Hey, look, here’s some non-apocalyptic news from the Middle East: the Israeli government has signed off on a study to determine whether cannabis can curb the symptoms of autism! With the support of the Israeli Health Ministry, Dr. Adi Eran, the head of pediatrics neurology at Shaare Zedek Medical Center in Jerusalem, will study 120 “low to medium functioning” autism patients between the ages of 4 and 30 as they experiment with non-psychoactive CBD oil.

Israel has long embraced cannabis research; both THC and the body’s endocannabnoid system were first identified by Israeli scientists, and even before the current study was proposed, a small number of Israelis were given government permission to administer CBD to family members with severe autism.
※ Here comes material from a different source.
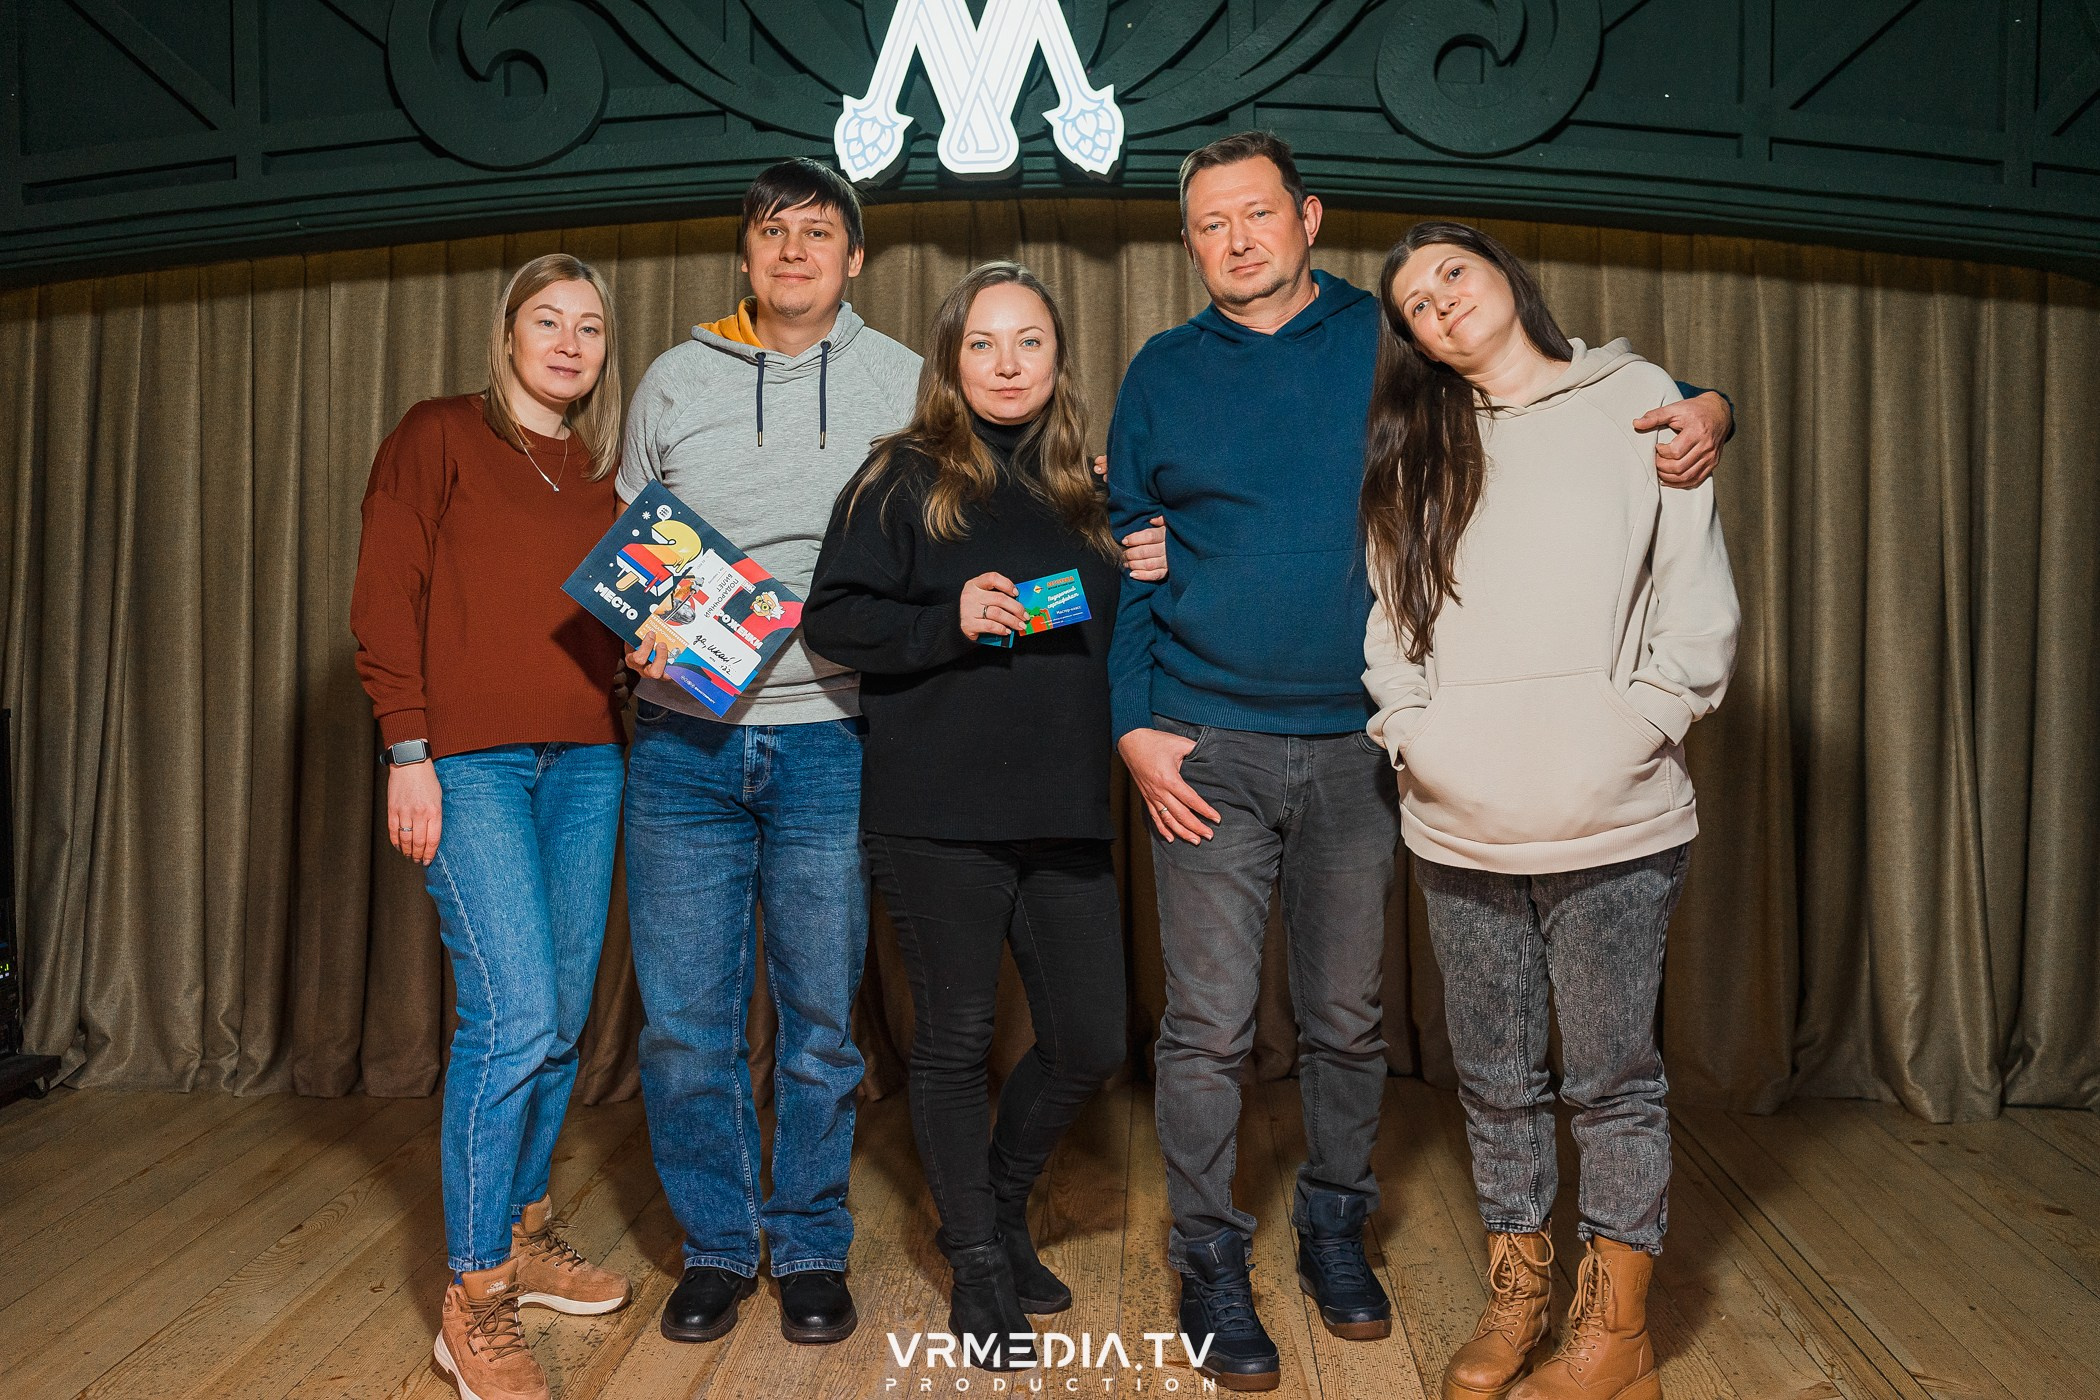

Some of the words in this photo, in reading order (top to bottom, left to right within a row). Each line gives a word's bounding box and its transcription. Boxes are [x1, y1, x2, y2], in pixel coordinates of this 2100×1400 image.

[593, 581, 638, 620] МЕСТО
[704, 579, 739, 618] ПОДАРОЧНЫЙ
[717, 573, 733, 592] БИЛЕТ
“It isn’t that they’re stoned because the oil has no psycho-active component,” points out the Israeli nurse Naama Saban. “Their parents say the quality of life has completely changed. That for the first time, their little kids can have friends over and the big brother doesn’t go wild.”

Before the current study begins, however, the Israeli Health Ministry will lay out guidelines for the researchers to follow. Once the study is underway, as the newspaper Haaretz reports, “participants will be divided into two groups: the test group that actually ingests the oil, and the control subjects who will be given placebos. After a test period during which the effects on the patients will be recorded, treatment will be halted for a month, then the groups will be reversed – the test group will become the control group and vice versa. Again, as is typical in such research, at no point will subjects or their families know whether the patient is receiving CBD or a placebo.”

This “first of a kind” study will deliver the type of exciting results that many of us have suspected all along. But with an official, state-sanctioned study under their belt, Israel will hopefully convince others to follow suit.